Il n'y a pas que la crise dans la vie au travail. Ainsi, les fonctions commerciale et informatique constituent les deux moteurs de l'emploi d'aujourd'hui et de demain. De l'employé aux cadres supérieurs, tout le monde est concerné.
Les chiffres de l
'Apec sont éloquents. Depuis près de cinq ans, la fonction informatique demeure la branche qui recrute le plus. Elle représente ainsi environ un tiers des offres d'emploi cadres en
France.
Et la tendance devrait se poursuivre, car la tension sur cette fonction est forte. Ainsi, 74 % des entreprises déclarent avoir éprouvé des difficultés (48 %) voire de très grosses difficultés (26 %) à recruter des candidats informaticiens adaptés. D'après le
Syntec Informatique, les sociétés de service en ingénierie informatique (SSII) et les éditeurs de logiciels recruteront, en 2008, près de 40 000 personnes. Les salariés avec expérience devrait représenter deux tiers des embauches. Ce sont 13 200 jeunes diplômés qui trouveront ainsi du travail.
Les SSII recrutent en masse
Les candidats n'ont donc aucun souci à se faire. Ainsi, les sociétés de services comme
Unilog/LogicaCMG devrait embaucher 2 200 personnes en 2008,
Sopra group 1900,
Atos origin et
Stéria 1800,
Accenture 1600... Chez les constructeurs, des perspectives existent aussi mais elles sont de moindre ampleur.
« Il y a de moins en moins de centres de production de matériel informatique en France, à l'exception de certains grands groupes comme IBM, explique l'École française d'électronique et d'informatique (Efrei). Les emplois sont plutôt dans les SSII, chez les éditeurs ou dans les directions de service informatique des entreprises. »
Les commerciaux plébiscités
Autre source importante de recrutement : les emplois de commerciaux. Pour Francis Pétel, délégué national de l'
Observatoire permanent de la fonction commerciale, 2008 sera une très belle année pour les embauches de commerciaux. « Nous tablons sur une augmentation du nombre de recrutements des responsables commerciaux de 25 % de 2007 à 2008 ». Pour l'observatoire, la demande pour les jeunes diplômés concerne avant tout des commerciaux dont le niveau d'étude est supérieur à la licence (Bac +3). En revanche, il note une stagnation pour les diplômés de niveau Bac +2 et moins. A noter aussi que la demande concerne les salariés en activité plutôt que les débutants. Tous les types de fonction commerciale sont concernées. Aujourd'hui, la France compte pas moins 760 000 commerciaux en comptant ceux qui exercent dans les points de vente du commerce (mais en excluant les vendeurs en magasin).

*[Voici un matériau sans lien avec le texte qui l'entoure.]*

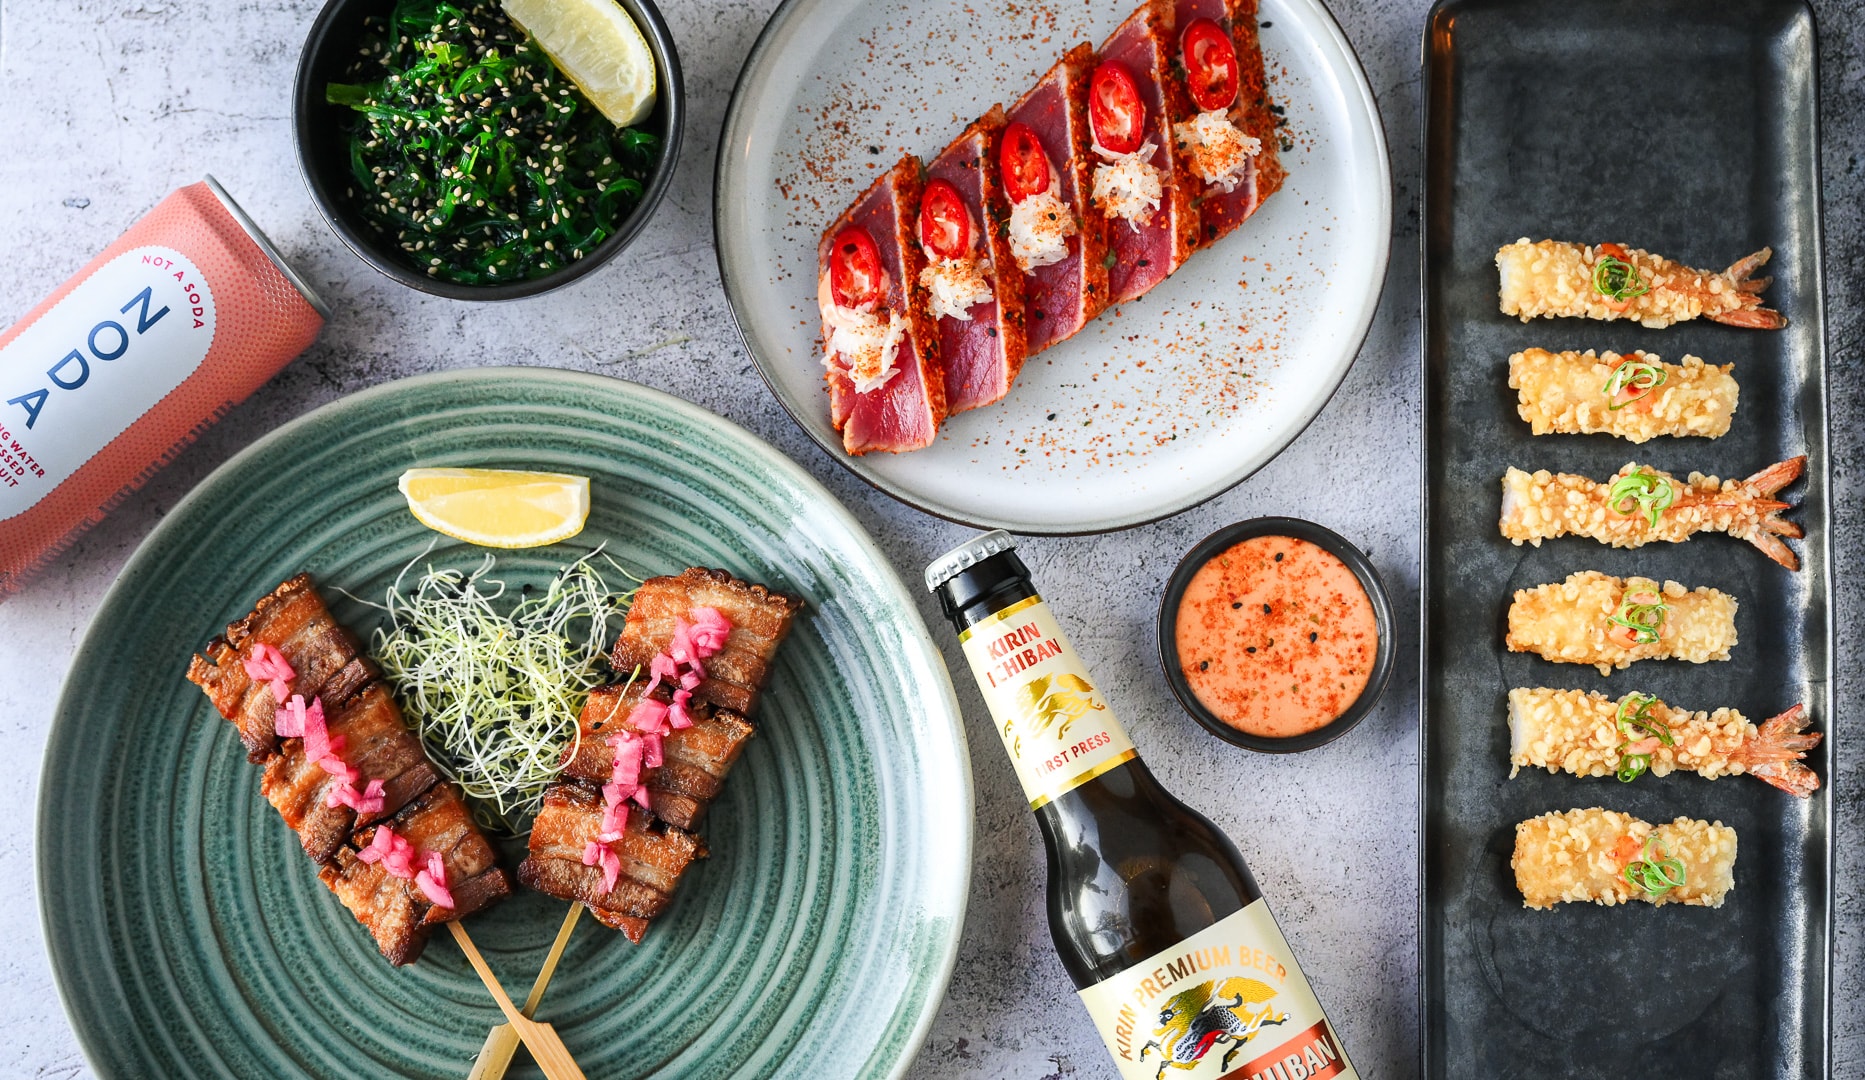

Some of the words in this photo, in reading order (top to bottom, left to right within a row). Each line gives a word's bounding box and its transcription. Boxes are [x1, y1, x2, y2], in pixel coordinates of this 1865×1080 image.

[141, 255, 173, 270] NOT
[173, 271, 184, 282] A
[184, 283, 204, 329] SODA
[6, 286, 171, 430] NODA
[0, 465, 19, 487] UIT
[10, 440, 45, 478] WATER
[986, 621, 1041, 661] KIRIN
[986, 638, 1062, 688] ICHIBAN
[1070, 731, 1111, 758] PRESS
[1116, 1003, 1139, 1061] KIRIN
[1132, 944, 1231, 1008] PREMIUM
[1239, 945, 1287, 984] BEER
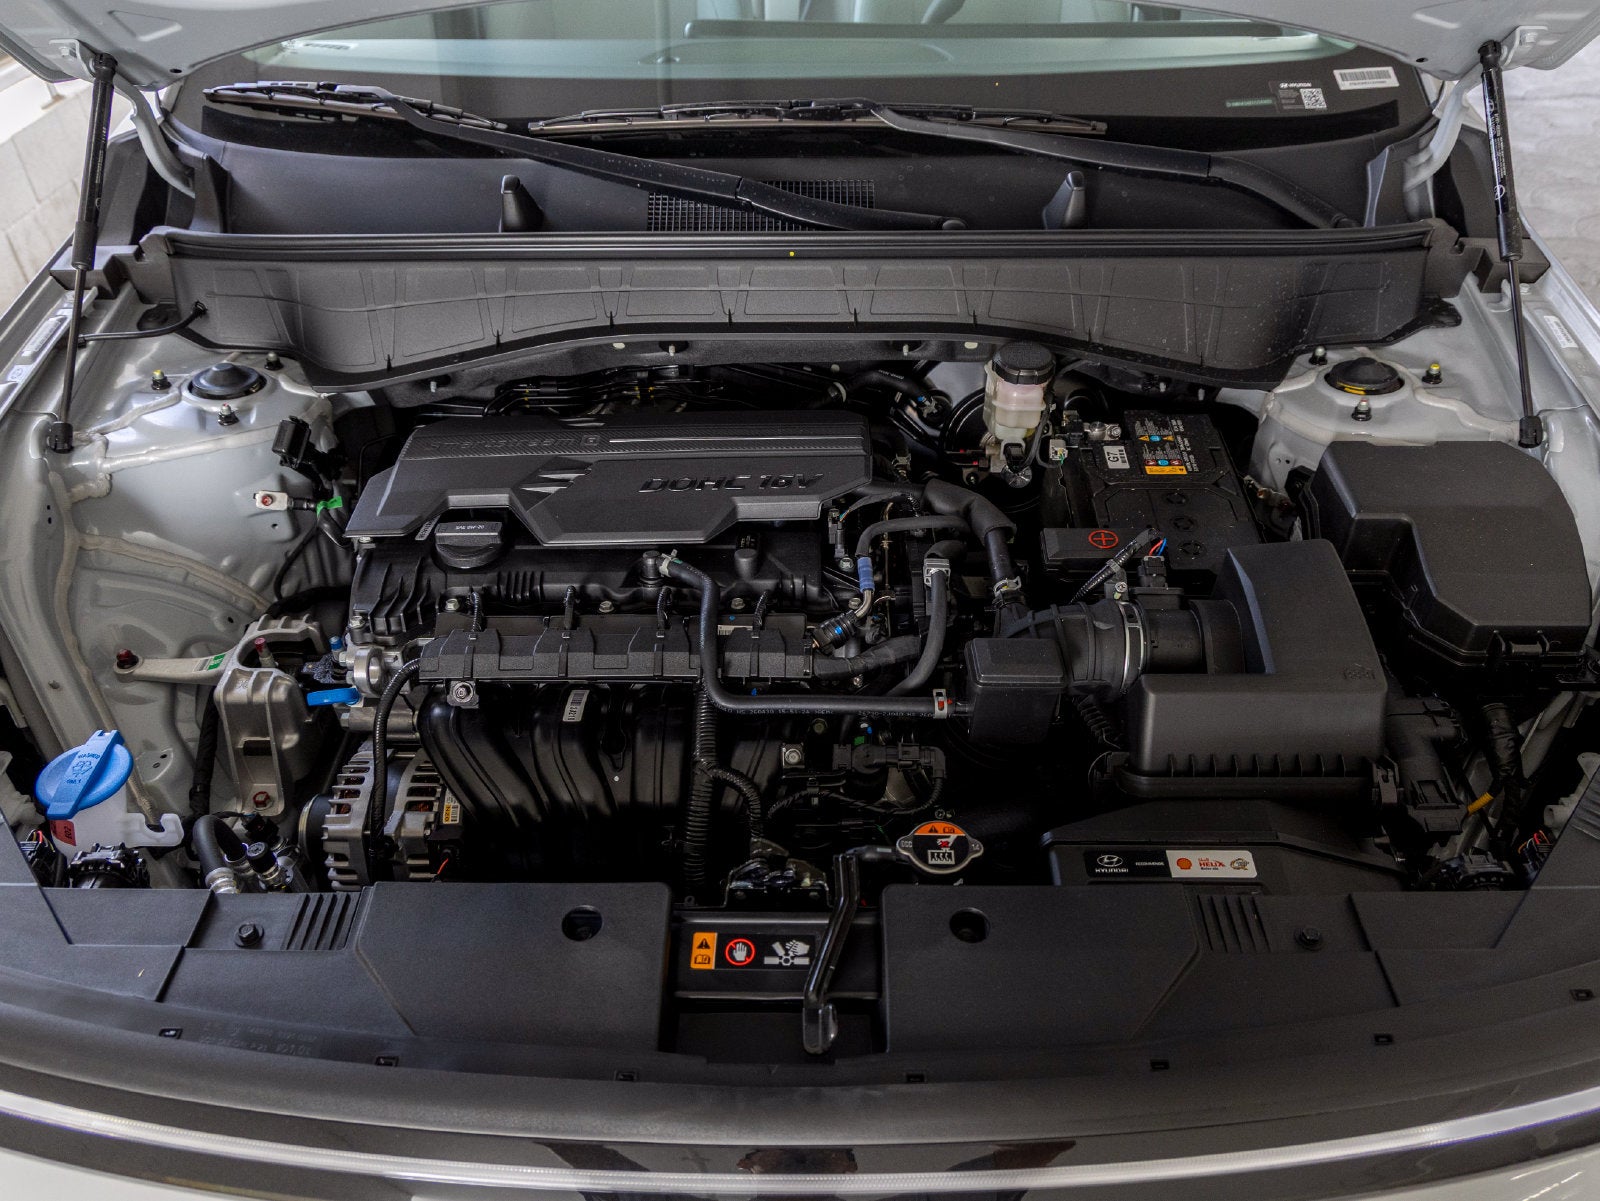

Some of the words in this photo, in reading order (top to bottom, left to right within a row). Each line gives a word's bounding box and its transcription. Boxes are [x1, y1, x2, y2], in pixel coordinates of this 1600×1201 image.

[1106, 451, 1120, 463] G7
[638, 474, 751, 493] DOHC
[758, 473, 823, 490] 16V
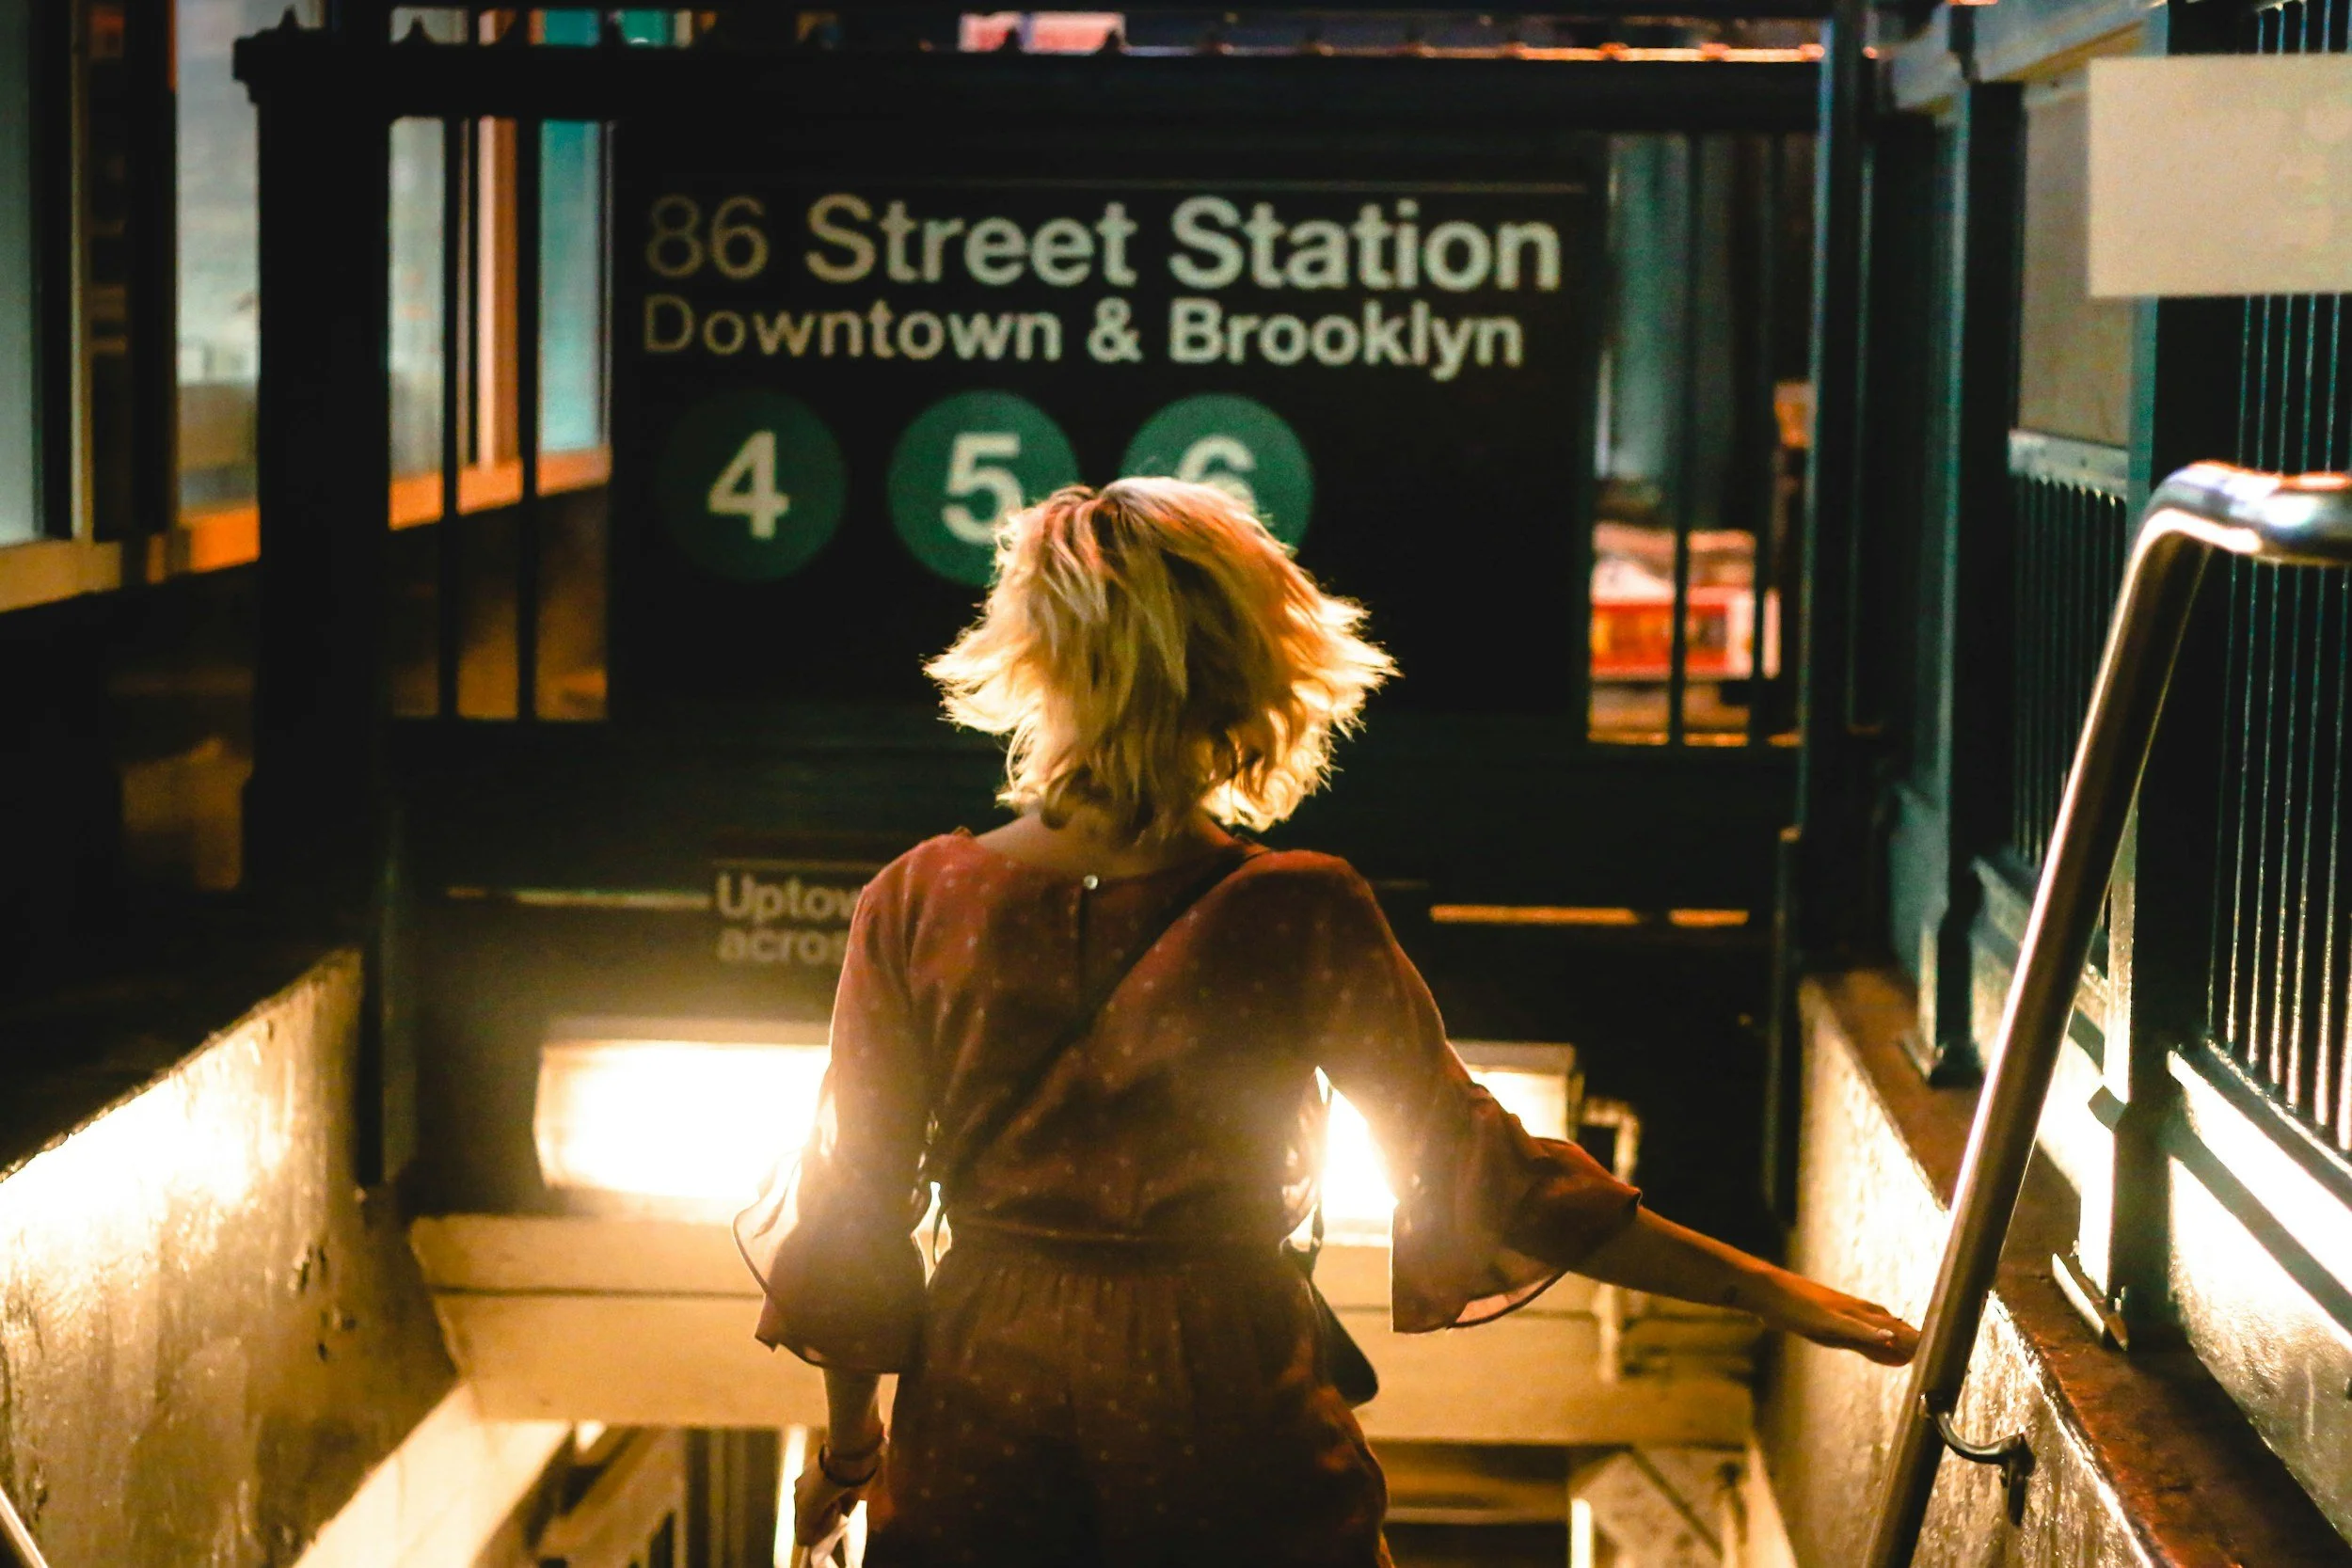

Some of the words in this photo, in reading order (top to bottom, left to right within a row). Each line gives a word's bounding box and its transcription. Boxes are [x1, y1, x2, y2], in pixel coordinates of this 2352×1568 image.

[646, 194, 769, 279] 86
[804, 193, 1136, 286] Street
[1168, 194, 1561, 291] Station
[644, 293, 1063, 360] Downtown
[1087, 296, 1142, 363] &
[1168, 297, 1523, 381] Brooklyn
[707, 430, 790, 539] 4
[942, 432, 1025, 545] 5

Bien évidemment, plus la croissance du secteur est forte, plus les besoins en ressources humaines seront importants. Il en va ainsi des secteurs liés aux services, à commencer par les nouvelles technologies, la banque, l'assurance ou les services à la personne. L'assurance va ainsi recruter 2 000 jeunes diplômés Bac +4/5 et 4 000 jeunes Bac +2 en 2008.
« Nous nous dirigeons vers une concurrence sévère entre les secteurs pour recruter des jeunes diplômés», estime Norbert Girard, chargé de mission à l'
Oema (Observatoire de l'évolution des métiers de l'assurance).
L'audit et la comptabilité pour mieux contrôler
D'autres fonctions résistent aussi à la crise. C'est le cas de la comptabilité-finance. Pour Olivier Gélis, directeur général du cabinet de recrutement et d'intérim
Robert Half France, ces fonctions seront peu touchées par cette crise.
« Elles sont indispensables. Elles permettent de renforcer le contrôle. Cela rassure les dirigeants. On ne peut faire l'impasse sur l'audit. On en demande et on en redemandera. Car nous allons vers une société où les entreprises seront de de plus en plus régulées ».